Submitted by Xilodyne on Wed, 04/29/2020 - 21:26

I needed to compile and debug a CUDA ".cu" file on my Windows 10 Pro with a Nvidia Quadra 2000 GPU card (yes, an old HP Z600 workstation with an old GPU). Installing CUDA 10.2, the last Quadro 2000 driver (377.83 from 2017) with Visual Studio 2019 worked great.

Until I needed to debug.

Nsight unable to debug error
`Break points ignored. Nsight message: A CUDA context was created on a GPU that is not currently debuggable.
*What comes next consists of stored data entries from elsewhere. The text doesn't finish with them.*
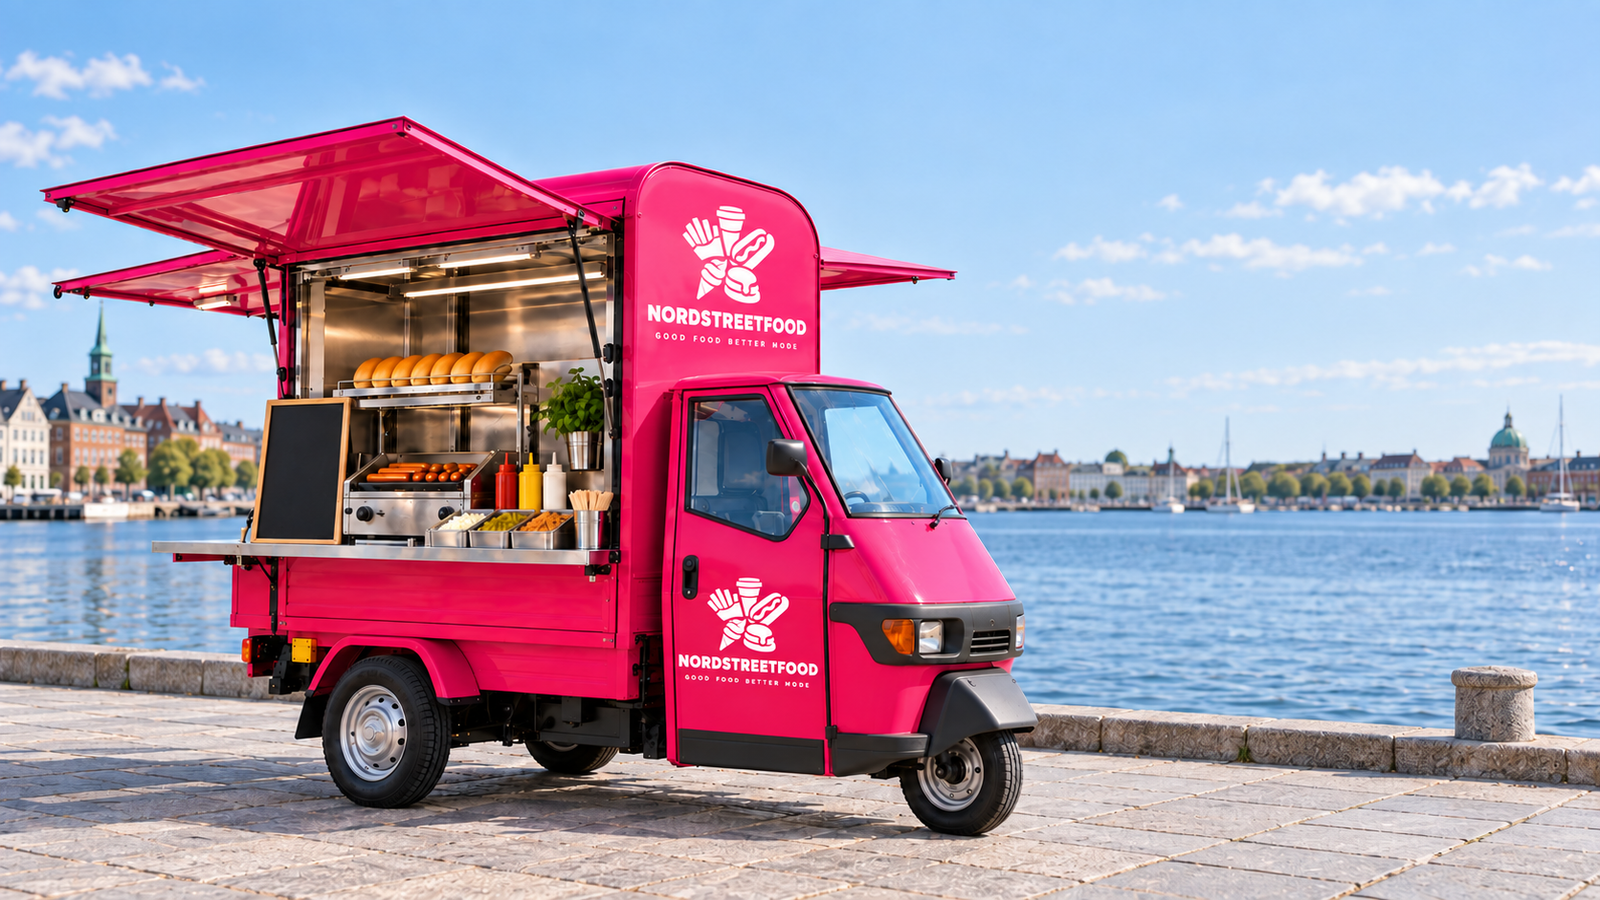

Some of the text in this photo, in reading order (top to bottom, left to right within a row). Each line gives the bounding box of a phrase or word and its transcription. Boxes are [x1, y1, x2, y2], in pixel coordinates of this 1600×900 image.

[647, 304, 807, 335] NORDSTREETFOOD
[655, 332, 686, 341] GOOD
[693, 335, 721, 344] FOOD
[728, 338, 766, 348] BETTER
[678, 654, 819, 676] NORDSTREETFOOD
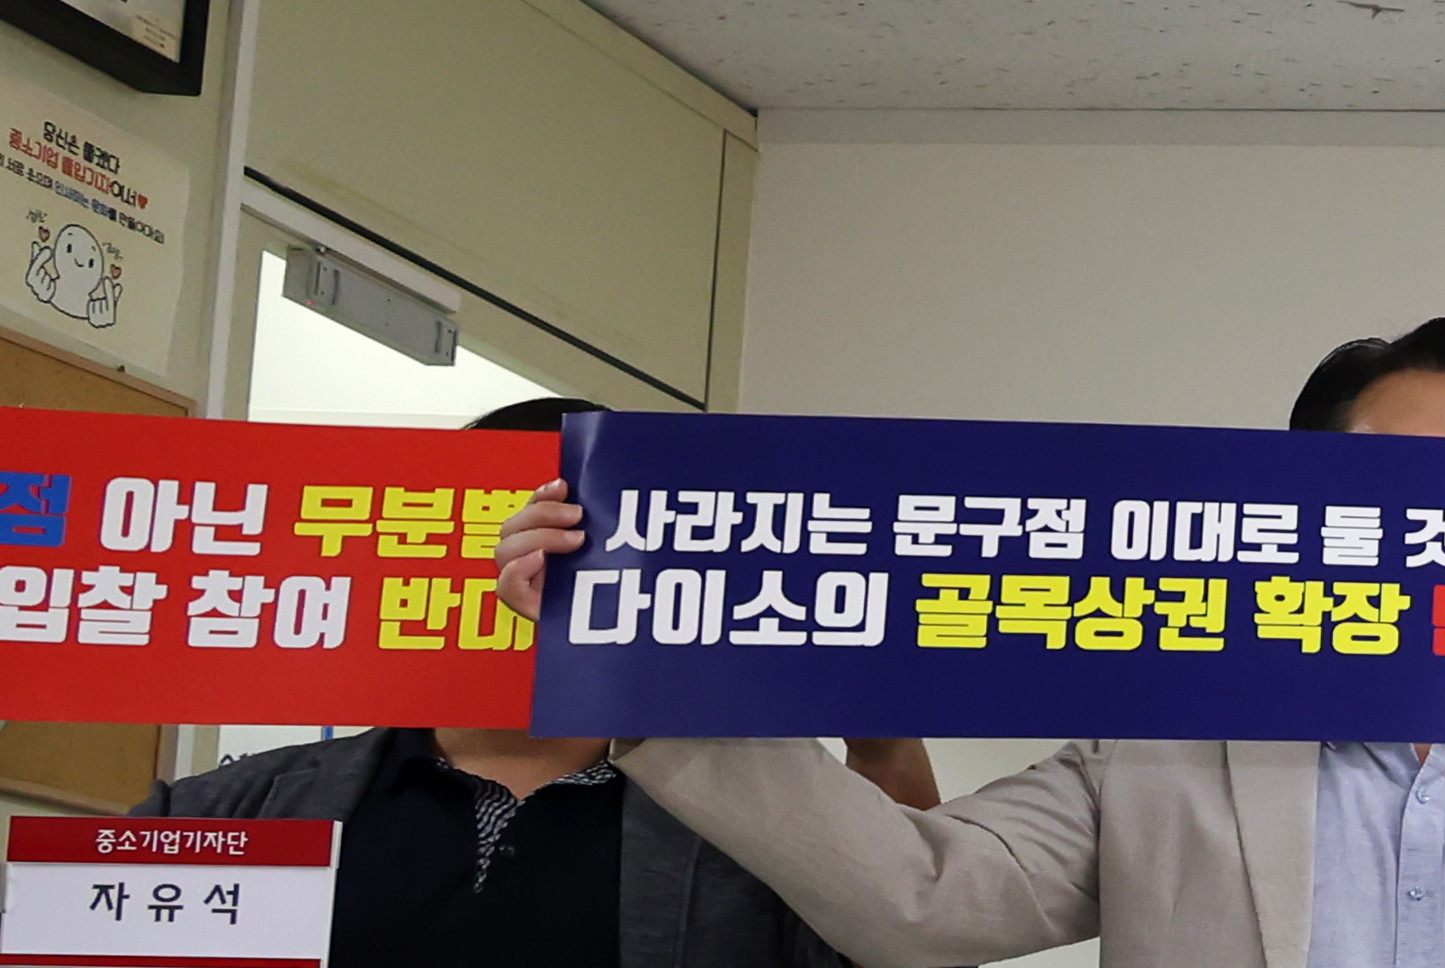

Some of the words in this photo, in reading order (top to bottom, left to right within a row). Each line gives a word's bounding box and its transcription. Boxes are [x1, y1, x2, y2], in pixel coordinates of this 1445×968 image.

[100, 477, 268, 556] 아닌
[605, 489, 873, 555] 사라지는
[893, 494, 1087, 560] 문구점
[1111, 499, 1300, 564] 이대로
[1320, 505, 1384, 567] 둘
[0, 565, 168, 646] 입찰
[187, 569, 352, 649] 참여
[568, 568, 889, 647] 다이소의
[917, 573, 1225, 651] 골목상권
[1254, 577, 1409, 654] 확장
[96, 829, 248, 855] 중소기업기자단
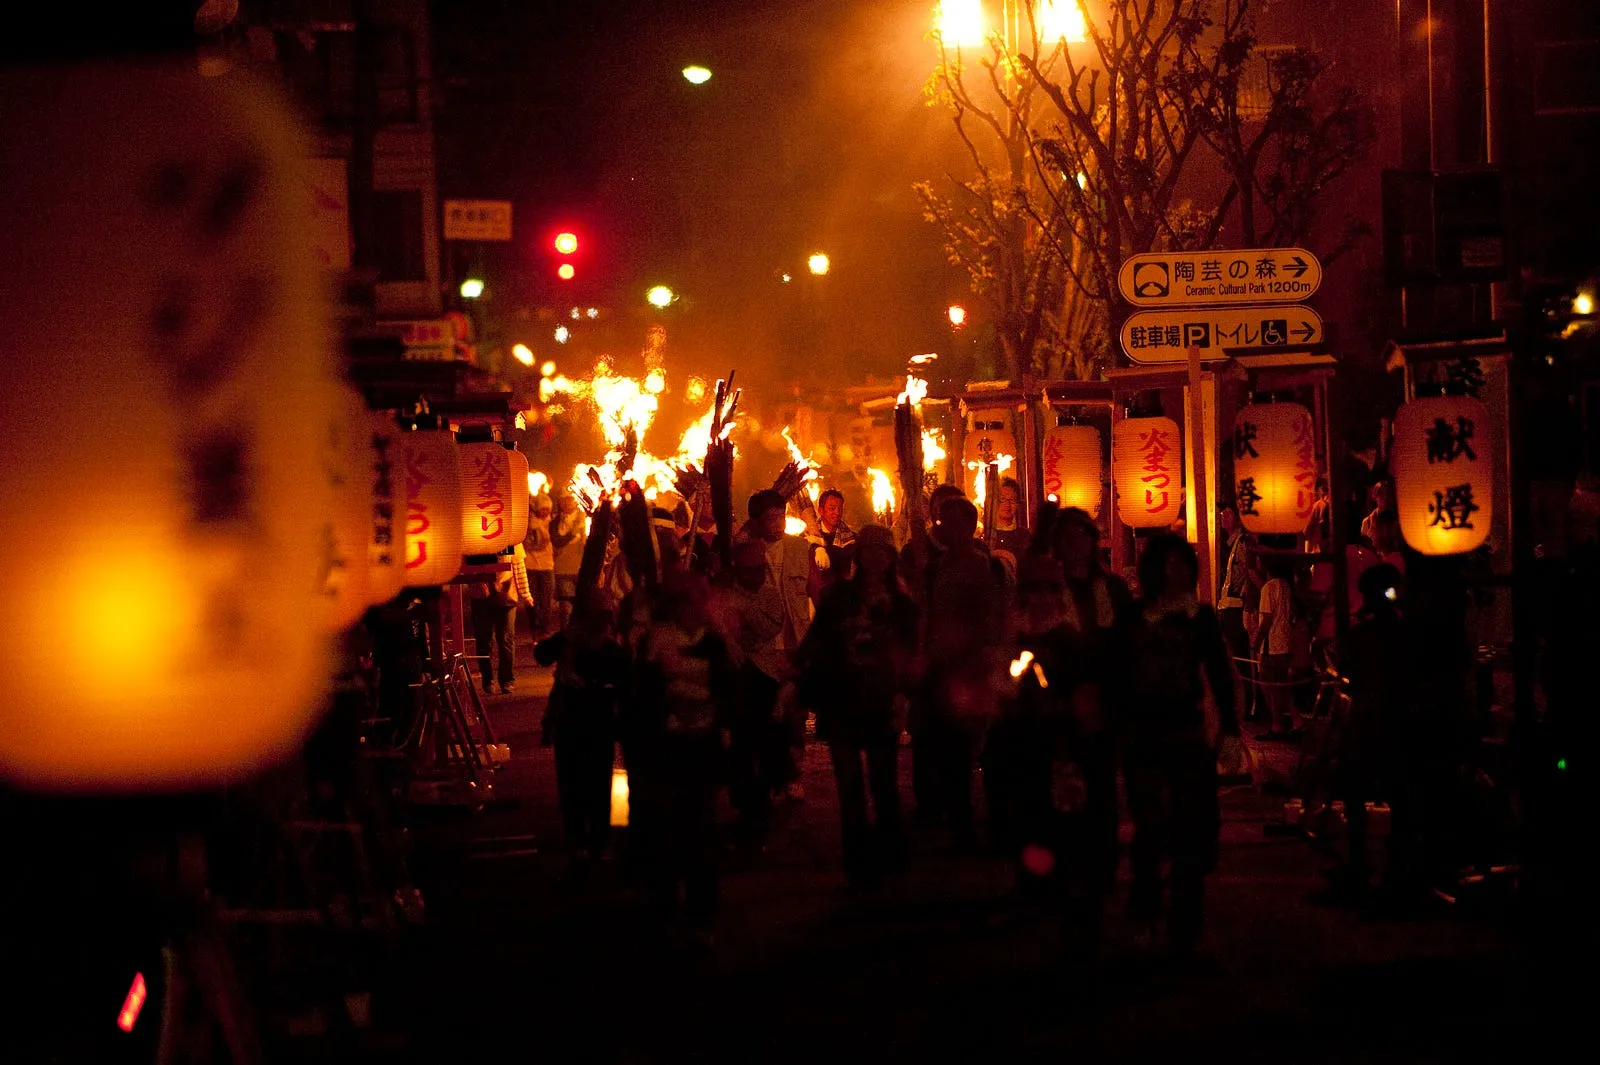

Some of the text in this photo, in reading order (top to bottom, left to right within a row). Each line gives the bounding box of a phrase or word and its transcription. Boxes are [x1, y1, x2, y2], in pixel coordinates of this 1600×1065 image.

[1174, 258, 1277, 283] 陶芸の森
[1185, 280, 1311, 297] Ceramic Cultural Park 1200m
[1130, 325, 1181, 349] 駐車場
[1215, 323, 1259, 345] トイレ
[474, 452, 506, 540] 火まつり
[1139, 428, 1171, 514] 火まつり
[1426, 416, 1480, 530] 献燈
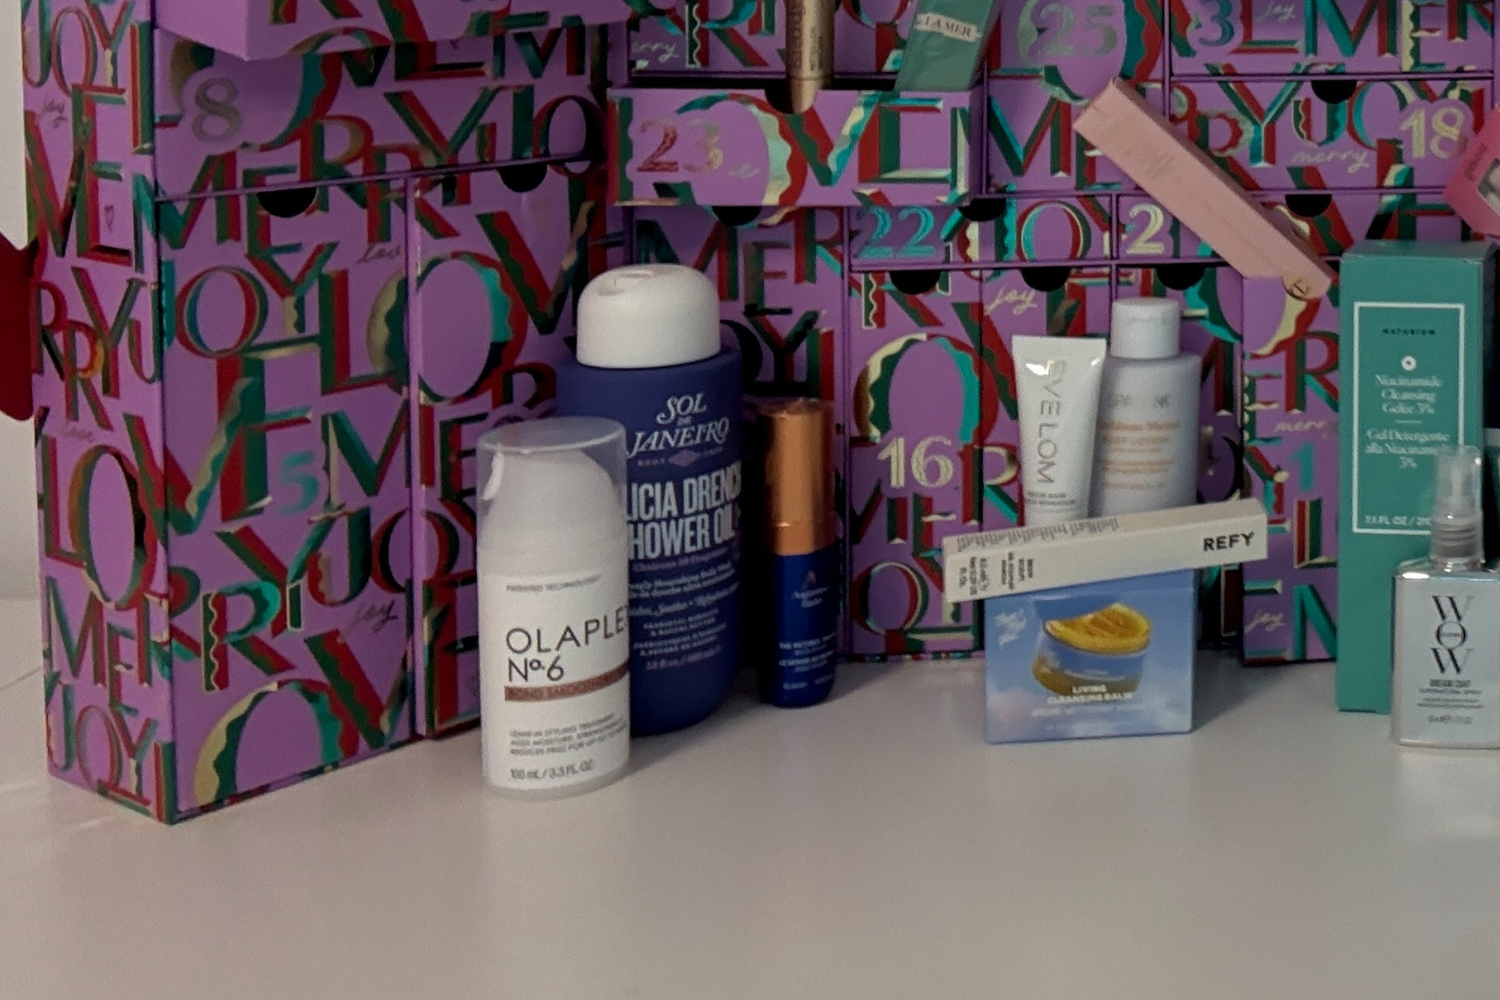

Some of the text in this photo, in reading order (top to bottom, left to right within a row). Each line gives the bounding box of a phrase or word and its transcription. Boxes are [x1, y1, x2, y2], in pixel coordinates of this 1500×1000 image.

[944, 20, 972, 38] MER
[1040, 2, 1119, 57] 25
[191, 75, 242, 143] 8
[1400, 106, 1466, 160] 18
[636, 116, 724, 174] 23
[1289, 149, 1371, 174] merry
[857, 204, 935, 259] 22
[1128, 203, 1165, 256] 2
[984, 284, 1038, 316] joy
[656, 391, 708, 425] SOL
[1039, 360, 1067, 416] EYE
[1381, 389, 1436, 404] Cleansing
[626, 416, 731, 460] JANEIRO
[876, 435, 956, 490] 16
[1036, 423, 1059, 484] LOM
[277, 452, 321, 514] 5
[1288, 440, 1315, 493] 1
[627, 503, 736, 560] HOWER OIL
[1203, 531, 1255, 552] REFY
[505, 604, 630, 655] OLAPLE
Breakpoints will be disabled. Adapter: Quadro 2000`

After some trail and error (errors at the bottom of this blog entry) I have a working environment that can debug in Visual Studio and compile on the command line. This required going back in time and using executables released more than five years ago. Luckily all of the problems I encounter have been long solved and easily searched online.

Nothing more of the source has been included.